### Assignment
Since pictures do not belong in the copy, please repeat every record below exactly without them.

### Extracted material

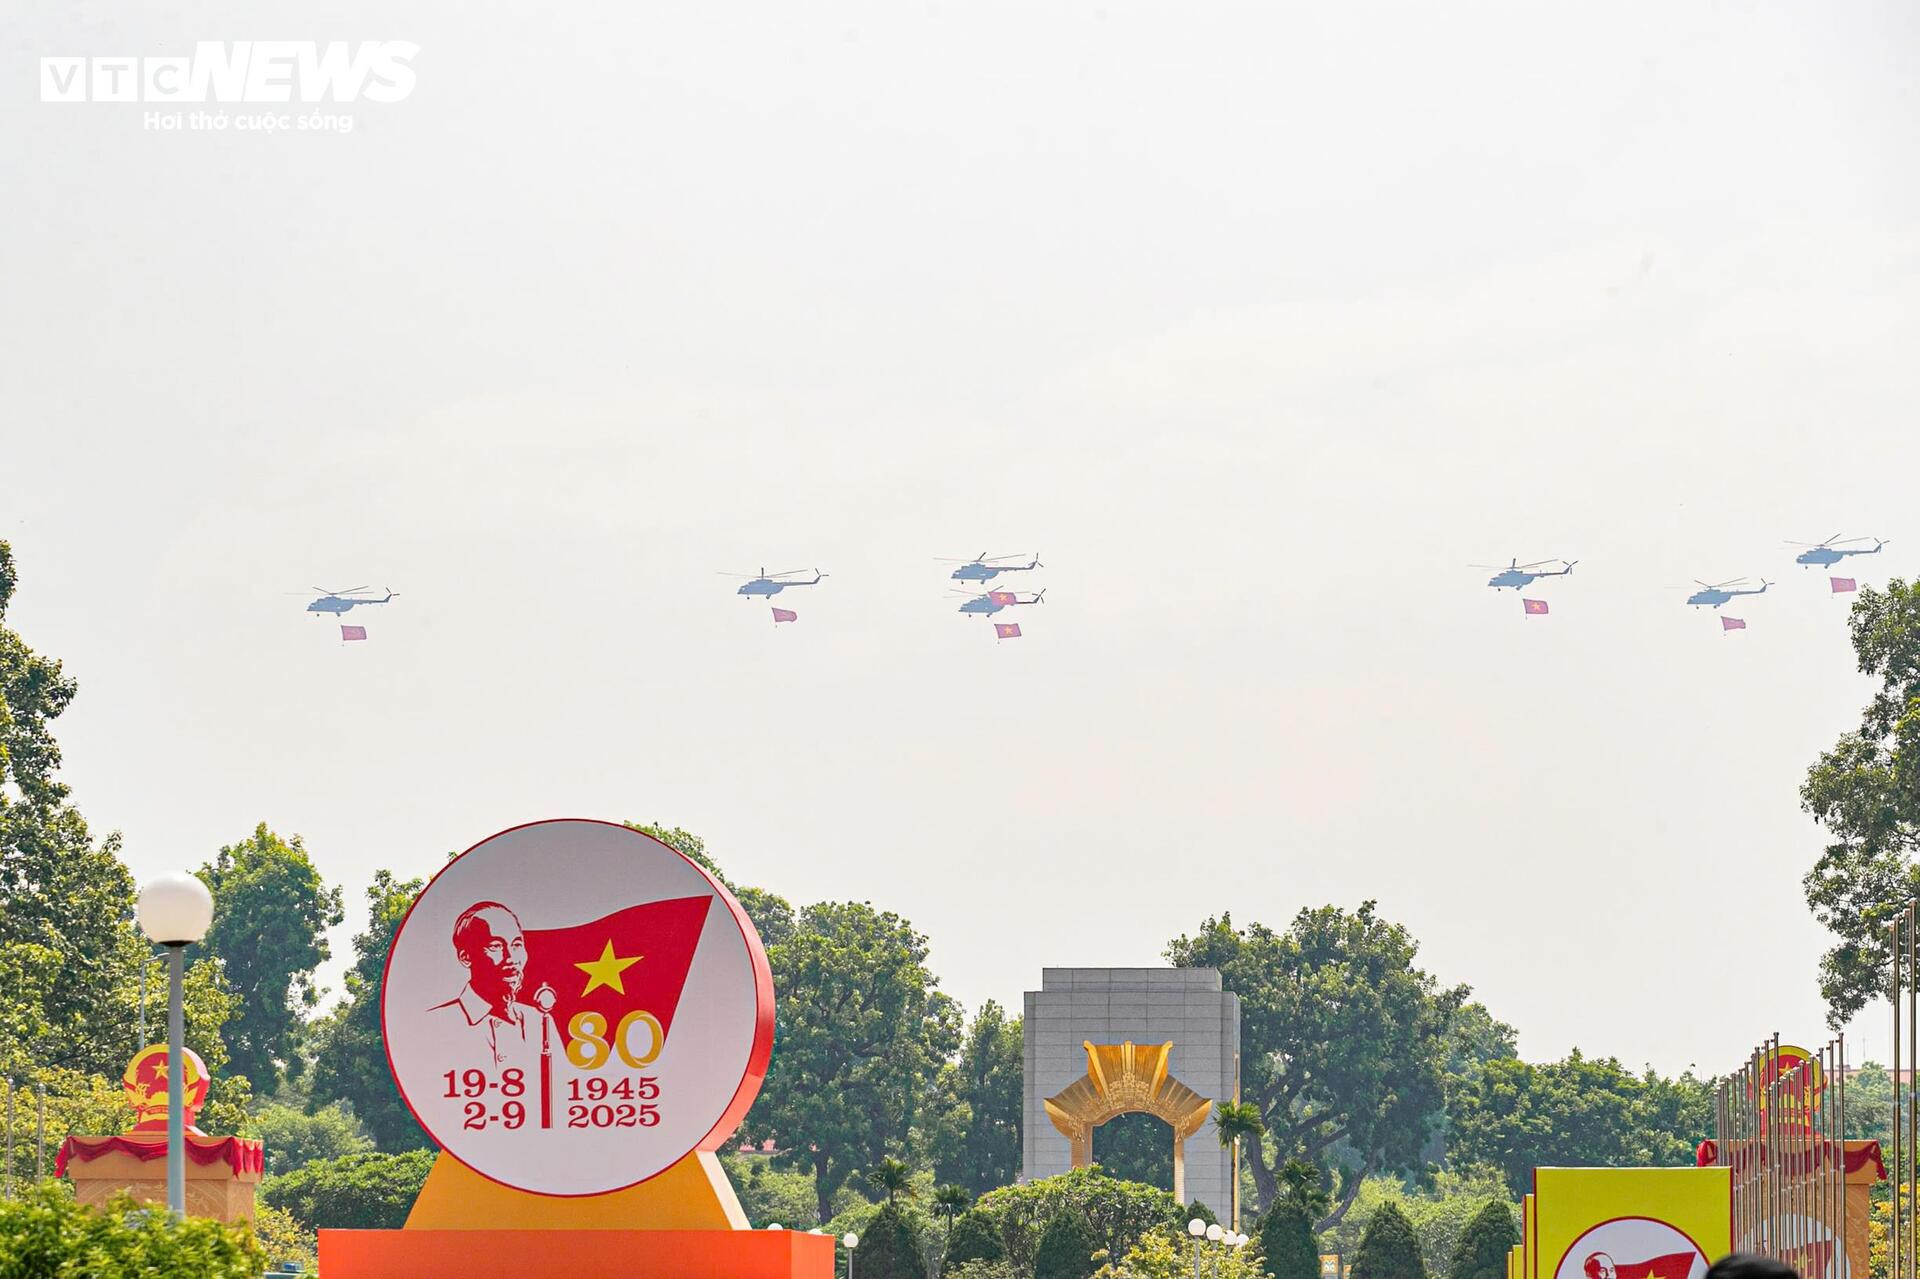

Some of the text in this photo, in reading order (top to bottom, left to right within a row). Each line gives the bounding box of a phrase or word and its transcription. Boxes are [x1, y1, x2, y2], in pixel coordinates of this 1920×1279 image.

[566, 1009, 665, 1070] 80
[443, 1068, 526, 1098] 19-8
[567, 1077, 660, 1101] 1945
[463, 1101, 526, 1130] 2-9
[568, 1104, 661, 1128] 2025
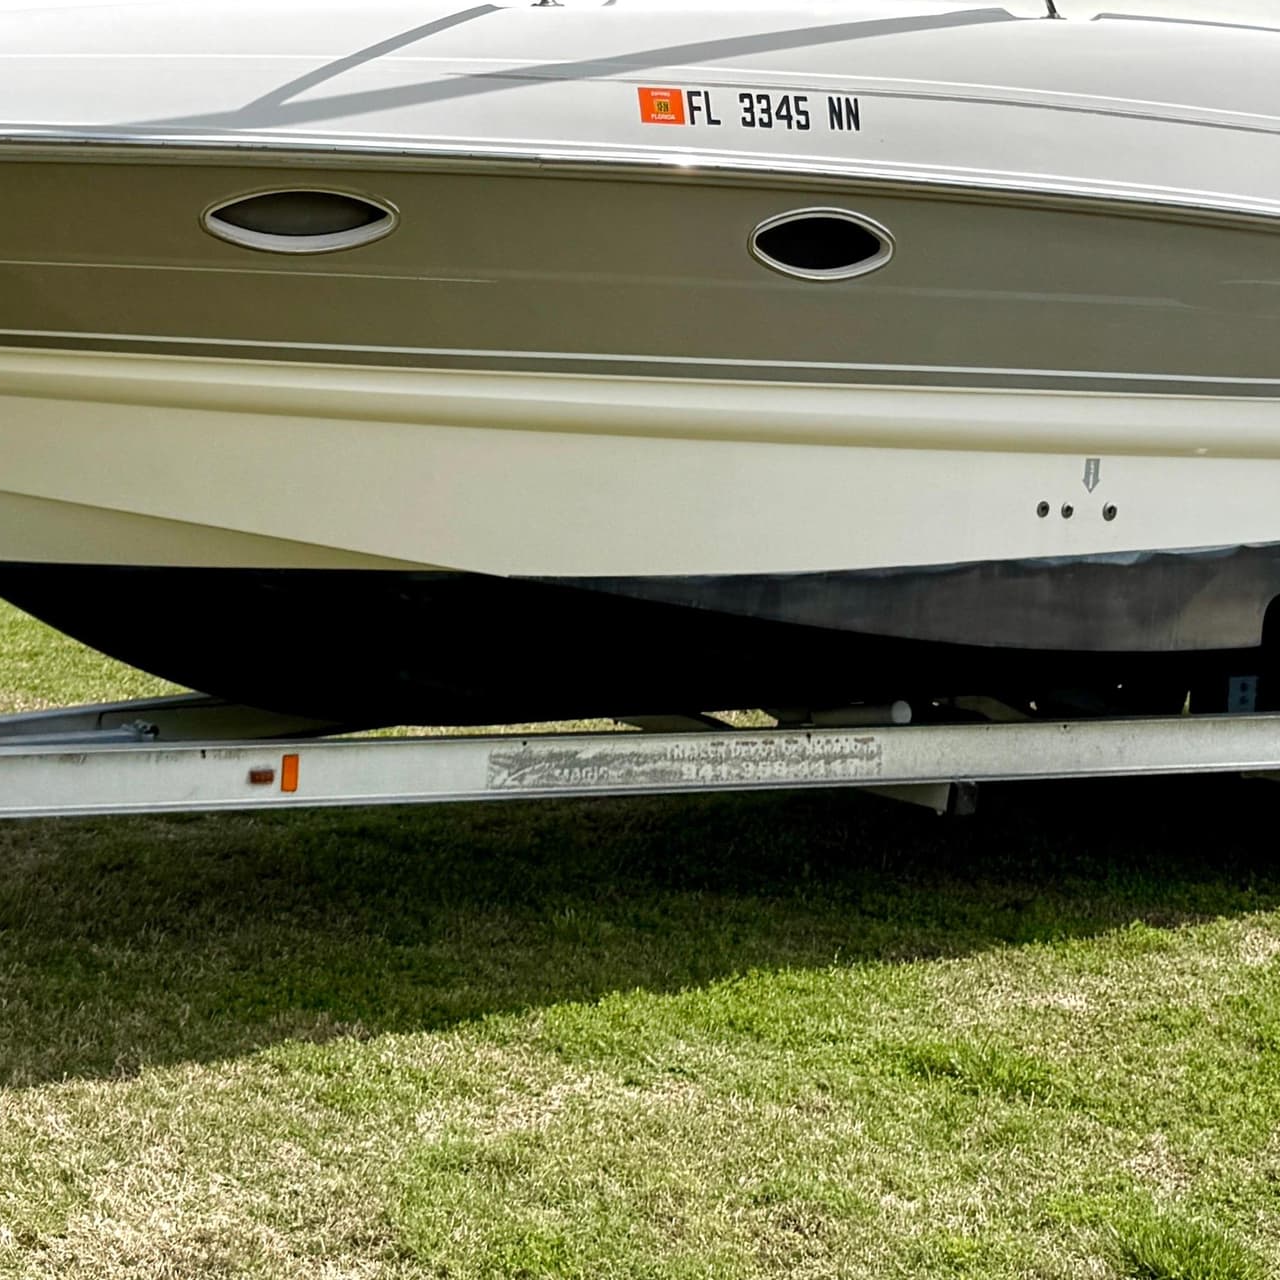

### Answer section
Some of the text in this photo, in reading order (top to bottom, left to right within a row). Each line gives the bounding box of a phrase or word and its transcription. Boxes are [x1, y1, x2, y2], in pixel coordinates of this 1920×1279 image.

[566, 1009, 665, 1070] 80
[443, 1068, 526, 1098] 19-8
[567, 1077, 660, 1101] 1945
[463, 1101, 526, 1130] 2-9
[568, 1104, 661, 1128] 2025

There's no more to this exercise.